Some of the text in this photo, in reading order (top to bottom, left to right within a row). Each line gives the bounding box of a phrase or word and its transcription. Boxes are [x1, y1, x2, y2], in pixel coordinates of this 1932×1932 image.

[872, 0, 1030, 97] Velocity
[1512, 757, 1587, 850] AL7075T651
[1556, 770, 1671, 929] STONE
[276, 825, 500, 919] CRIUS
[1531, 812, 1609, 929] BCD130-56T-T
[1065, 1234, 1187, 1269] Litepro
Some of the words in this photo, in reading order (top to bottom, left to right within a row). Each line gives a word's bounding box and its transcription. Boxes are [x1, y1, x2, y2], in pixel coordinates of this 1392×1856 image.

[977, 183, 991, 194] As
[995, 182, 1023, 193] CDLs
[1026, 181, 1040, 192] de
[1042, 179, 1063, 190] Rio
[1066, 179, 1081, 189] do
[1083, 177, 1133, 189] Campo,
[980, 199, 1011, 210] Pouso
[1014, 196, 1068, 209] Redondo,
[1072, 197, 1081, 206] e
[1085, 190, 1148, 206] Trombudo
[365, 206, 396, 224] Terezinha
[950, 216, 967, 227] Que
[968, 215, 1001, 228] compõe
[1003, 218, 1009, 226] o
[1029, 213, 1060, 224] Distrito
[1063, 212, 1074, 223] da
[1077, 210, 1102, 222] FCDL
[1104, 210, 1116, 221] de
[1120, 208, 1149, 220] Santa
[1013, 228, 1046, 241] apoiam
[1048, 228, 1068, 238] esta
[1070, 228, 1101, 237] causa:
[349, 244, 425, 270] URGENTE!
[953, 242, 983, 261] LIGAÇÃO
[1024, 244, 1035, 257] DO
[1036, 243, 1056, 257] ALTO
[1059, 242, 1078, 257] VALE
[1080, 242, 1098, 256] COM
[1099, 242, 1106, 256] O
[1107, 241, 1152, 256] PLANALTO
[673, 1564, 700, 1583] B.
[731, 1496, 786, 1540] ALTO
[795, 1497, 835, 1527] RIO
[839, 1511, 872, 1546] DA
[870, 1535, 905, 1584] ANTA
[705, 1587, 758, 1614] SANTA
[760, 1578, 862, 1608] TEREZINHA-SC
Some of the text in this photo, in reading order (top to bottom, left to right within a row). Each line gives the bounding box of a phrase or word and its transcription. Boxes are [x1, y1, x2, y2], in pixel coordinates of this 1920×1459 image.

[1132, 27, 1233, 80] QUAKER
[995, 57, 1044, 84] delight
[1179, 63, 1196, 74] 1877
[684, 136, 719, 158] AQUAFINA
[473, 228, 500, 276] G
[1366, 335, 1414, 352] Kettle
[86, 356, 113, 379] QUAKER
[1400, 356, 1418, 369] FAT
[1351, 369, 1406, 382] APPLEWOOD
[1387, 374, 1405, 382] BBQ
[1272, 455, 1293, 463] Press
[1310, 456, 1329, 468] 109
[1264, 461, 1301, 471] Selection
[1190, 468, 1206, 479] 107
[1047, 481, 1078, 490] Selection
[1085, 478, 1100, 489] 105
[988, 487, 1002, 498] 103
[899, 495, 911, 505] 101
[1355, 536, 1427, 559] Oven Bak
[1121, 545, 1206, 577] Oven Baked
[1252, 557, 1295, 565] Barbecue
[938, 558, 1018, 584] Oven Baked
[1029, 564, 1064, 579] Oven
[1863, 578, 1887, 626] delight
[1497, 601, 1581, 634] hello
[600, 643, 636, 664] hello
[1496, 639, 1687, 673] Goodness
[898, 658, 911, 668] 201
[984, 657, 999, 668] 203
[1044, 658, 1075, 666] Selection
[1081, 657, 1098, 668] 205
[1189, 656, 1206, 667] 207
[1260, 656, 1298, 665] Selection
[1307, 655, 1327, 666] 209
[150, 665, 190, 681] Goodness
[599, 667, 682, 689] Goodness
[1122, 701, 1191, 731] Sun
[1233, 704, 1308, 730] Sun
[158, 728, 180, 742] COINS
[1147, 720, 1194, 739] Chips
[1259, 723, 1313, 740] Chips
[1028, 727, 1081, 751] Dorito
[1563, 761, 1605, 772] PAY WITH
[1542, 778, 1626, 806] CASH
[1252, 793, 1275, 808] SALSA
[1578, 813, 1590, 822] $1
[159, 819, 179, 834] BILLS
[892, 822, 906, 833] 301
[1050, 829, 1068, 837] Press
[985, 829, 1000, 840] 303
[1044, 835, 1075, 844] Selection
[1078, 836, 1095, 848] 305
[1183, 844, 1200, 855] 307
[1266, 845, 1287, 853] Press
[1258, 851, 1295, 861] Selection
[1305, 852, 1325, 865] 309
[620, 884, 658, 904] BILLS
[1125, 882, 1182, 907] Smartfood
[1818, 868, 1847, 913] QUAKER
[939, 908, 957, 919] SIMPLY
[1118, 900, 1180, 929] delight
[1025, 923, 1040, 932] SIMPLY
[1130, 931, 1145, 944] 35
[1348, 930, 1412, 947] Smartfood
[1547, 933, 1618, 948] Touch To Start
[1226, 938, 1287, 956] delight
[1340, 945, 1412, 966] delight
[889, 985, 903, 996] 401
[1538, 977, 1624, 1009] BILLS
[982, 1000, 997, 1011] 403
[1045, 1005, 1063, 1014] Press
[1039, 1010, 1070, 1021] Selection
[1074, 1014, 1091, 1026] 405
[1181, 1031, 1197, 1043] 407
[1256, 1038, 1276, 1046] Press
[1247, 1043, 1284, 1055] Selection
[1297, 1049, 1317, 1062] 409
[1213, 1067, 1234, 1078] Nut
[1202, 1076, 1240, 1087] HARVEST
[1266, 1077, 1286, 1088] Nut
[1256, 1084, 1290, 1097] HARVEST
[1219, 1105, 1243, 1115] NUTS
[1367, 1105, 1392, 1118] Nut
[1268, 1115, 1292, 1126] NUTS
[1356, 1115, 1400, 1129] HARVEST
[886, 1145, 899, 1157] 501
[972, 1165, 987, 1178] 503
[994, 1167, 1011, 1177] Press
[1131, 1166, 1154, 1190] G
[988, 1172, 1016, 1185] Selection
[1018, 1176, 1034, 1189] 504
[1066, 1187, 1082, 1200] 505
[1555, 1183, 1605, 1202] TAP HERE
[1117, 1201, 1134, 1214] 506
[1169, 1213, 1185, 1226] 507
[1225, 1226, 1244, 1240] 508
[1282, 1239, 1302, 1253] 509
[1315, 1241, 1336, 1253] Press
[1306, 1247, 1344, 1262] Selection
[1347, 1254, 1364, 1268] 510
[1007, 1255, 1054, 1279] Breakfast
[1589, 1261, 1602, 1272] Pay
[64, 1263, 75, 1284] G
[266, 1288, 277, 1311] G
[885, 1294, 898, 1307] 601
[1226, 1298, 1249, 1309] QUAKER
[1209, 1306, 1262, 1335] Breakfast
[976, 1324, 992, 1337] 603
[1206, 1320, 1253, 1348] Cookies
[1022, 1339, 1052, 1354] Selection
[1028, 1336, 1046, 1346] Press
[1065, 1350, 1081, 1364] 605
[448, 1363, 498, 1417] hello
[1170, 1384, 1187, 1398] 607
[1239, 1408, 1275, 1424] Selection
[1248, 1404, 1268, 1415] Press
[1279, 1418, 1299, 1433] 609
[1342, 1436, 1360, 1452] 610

________________________________________

▶ Work item
Reproduce the entire listing so that it matches the original in every line.

▶ Output for this exercise
Some of the text in this photo, in reading order (top to bottom, left to right within a row). Each line gives the bounding box of a phrase or word and its transcription. Boxes are [x1, y1, x2, y2], in pixel coordinates of this 1932×1932 image.

[872, 0, 1030, 97] Velocity
[1512, 757, 1587, 850] AL7075T651
[1556, 770, 1671, 929] STONE
[276, 825, 500, 919] CRIUS
[1531, 812, 1609, 929] BCD130-56T-T
[1065, 1234, 1187, 1269] Litepro
Some of the words in this photo, in reading order (top to bottom, left to right within a row). Each line gives a word's bounding box and its transcription. Boxes are [x1, y1, x2, y2], in pixel coordinates of this 1392×1856 image.

[977, 183, 991, 194] As
[995, 182, 1023, 193] CDLs
[1026, 181, 1040, 192] de
[1042, 179, 1063, 190] Rio
[1066, 179, 1081, 189] do
[1083, 177, 1133, 189] Campo,
[980, 199, 1011, 210] Pouso
[1014, 196, 1068, 209] Redondo,
[1072, 197, 1081, 206] e
[1085, 190, 1148, 206] Trombudo
[365, 206, 396, 224] Terezinha
[950, 216, 967, 227] Que
[968, 215, 1001, 228] compõe
[1003, 218, 1009, 226] o
[1029, 213, 1060, 224] Distrito
[1063, 212, 1074, 223] da
[1077, 210, 1102, 222] FCDL
[1104, 210, 1116, 221] de
[1120, 208, 1149, 220] Santa
[1013, 228, 1046, 241] apoiam
[1048, 228, 1068, 238] esta
[1070, 228, 1101, 237] causa:
[349, 244, 425, 270] URGENTE!
[953, 242, 983, 261] LIGAÇÃO
[1024, 244, 1035, 257] DO
[1036, 243, 1056, 257] ALTO
[1059, 242, 1078, 257] VALE
[1080, 242, 1098, 256] COM
[1099, 242, 1106, 256] O
[1107, 241, 1152, 256] PLANALTO
[673, 1564, 700, 1583] B.
[731, 1496, 786, 1540] ALTO
[795, 1497, 835, 1527] RIO
[839, 1511, 872, 1546] DA
[870, 1535, 905, 1584] ANTA
[705, 1587, 758, 1614] SANTA
[760, 1578, 862, 1608] TEREZINHA-SC
Some of the text in this photo, in reading order (top to bottom, left to right within a row). Each line gives the bounding box of a phrase or word and its transcription. Boxes are [x1, y1, x2, y2], in pixel coordinates of this 1920×1459 image.

[1132, 27, 1233, 80] QUAKER
[995, 57, 1044, 84] delight
[1179, 63, 1196, 74] 1877
[684, 136, 719, 158] AQUAFINA
[473, 228, 500, 276] G
[1366, 335, 1414, 352] Kettle
[86, 356, 113, 379] QUAKER
[1400, 356, 1418, 369] FAT
[1351, 369, 1406, 382] APPLEWOOD
[1387, 374, 1405, 382] BBQ
[1272, 455, 1293, 463] Press
[1310, 456, 1329, 468] 109
[1264, 461, 1301, 471] Selection
[1190, 468, 1206, 479] 107
[1047, 481, 1078, 490] Selection
[1085, 478, 1100, 489] 105
[988, 487, 1002, 498] 103
[899, 495, 911, 505] 101
[1355, 536, 1427, 559] Oven Bak
[1121, 545, 1206, 577] Oven Baked
[1252, 557, 1295, 565] Barbecue
[938, 558, 1018, 584] Oven Baked
[1029, 564, 1064, 579] Oven
[1863, 578, 1887, 626] delight
[1497, 601, 1581, 634] hello
[600, 643, 636, 664] hello
[1496, 639, 1687, 673] Goodness
[898, 658, 911, 668] 201
[984, 657, 999, 668] 203
[1044, 658, 1075, 666] Selection
[1081, 657, 1098, 668] 205
[1189, 656, 1206, 667] 207
[1260, 656, 1298, 665] Selection
[1307, 655, 1327, 666] 209
[150, 665, 190, 681] Goodness
[599, 667, 682, 689] Goodness
[1122, 701, 1191, 731] Sun
[1233, 704, 1308, 730] Sun
[158, 728, 180, 742] COINS
[1147, 720, 1194, 739] Chips
[1259, 723, 1313, 740] Chips
[1028, 727, 1081, 751] Dorito
[1563, 761, 1605, 772] PAY WITH
[1542, 778, 1626, 806] CASH
[1252, 793, 1275, 808] SALSA
[1578, 813, 1590, 822] $1
[159, 819, 179, 834] BILLS
[892, 822, 906, 833] 301
[1050, 829, 1068, 837] Press
[985, 829, 1000, 840] 303
[1044, 835, 1075, 844] Selection
[1078, 836, 1095, 848] 305
[1183, 844, 1200, 855] 307
[1266, 845, 1287, 853] Press
[1258, 851, 1295, 861] Selection
[1305, 852, 1325, 865] 309
[620, 884, 658, 904] BILLS
[1125, 882, 1182, 907] Smartfood
[1818, 868, 1847, 913] QUAKER
[939, 908, 957, 919] SIMPLY
[1118, 900, 1180, 929] delight
[1025, 923, 1040, 932] SIMPLY
[1130, 931, 1145, 944] 35
[1348, 930, 1412, 947] Smartfood
[1547, 933, 1618, 948] Touch To Start
[1226, 938, 1287, 956] delight
[1340, 945, 1412, 966] delight
[889, 985, 903, 996] 401
[1538, 977, 1624, 1009] BILLS
[982, 1000, 997, 1011] 403
[1045, 1005, 1063, 1014] Press
[1039, 1010, 1070, 1021] Selection
[1074, 1014, 1091, 1026] 405
[1181, 1031, 1197, 1043] 407
[1256, 1038, 1276, 1046] Press
[1247, 1043, 1284, 1055] Selection
[1297, 1049, 1317, 1062] 409
[1213, 1067, 1234, 1078] Nut
[1202, 1076, 1240, 1087] HARVEST
[1266, 1077, 1286, 1088] Nut
[1256, 1084, 1290, 1097] HARVEST
[1219, 1105, 1243, 1115] NUTS
[1367, 1105, 1392, 1118] Nut
[1268, 1115, 1292, 1126] NUTS
[1356, 1115, 1400, 1129] HARVEST
[886, 1145, 899, 1157] 501
[972, 1165, 987, 1178] 503
[994, 1167, 1011, 1177] Press
[1131, 1166, 1154, 1190] G
[988, 1172, 1016, 1185] Selection
[1018, 1176, 1034, 1189] 504
[1066, 1187, 1082, 1200] 505
[1555, 1183, 1605, 1202] TAP HERE
[1117, 1201, 1134, 1214] 506
[1169, 1213, 1185, 1226] 507
[1225, 1226, 1244, 1240] 508
[1282, 1239, 1302, 1253] 509
[1315, 1241, 1336, 1253] Press
[1306, 1247, 1344, 1262] Selection
[1347, 1254, 1364, 1268] 510
[1007, 1255, 1054, 1279] Breakfast
[1589, 1261, 1602, 1272] Pay
[64, 1263, 75, 1284] G
[266, 1288, 277, 1311] G
[885, 1294, 898, 1307] 601
[1226, 1298, 1249, 1309] QUAKER
[1209, 1306, 1262, 1335] Breakfast
[976, 1324, 992, 1337] 603
[1206, 1320, 1253, 1348] Cookies
[1022, 1339, 1052, 1354] Selection
[1028, 1336, 1046, 1346] Press
[1065, 1350, 1081, 1364] 605
[448, 1363, 498, 1417] hello
[1170, 1384, 1187, 1398] 607
[1239, 1408, 1275, 1424] Selection
[1248, 1404, 1268, 1415] Press
[1279, 1418, 1299, 1433] 609
[1342, 1436, 1360, 1452] 610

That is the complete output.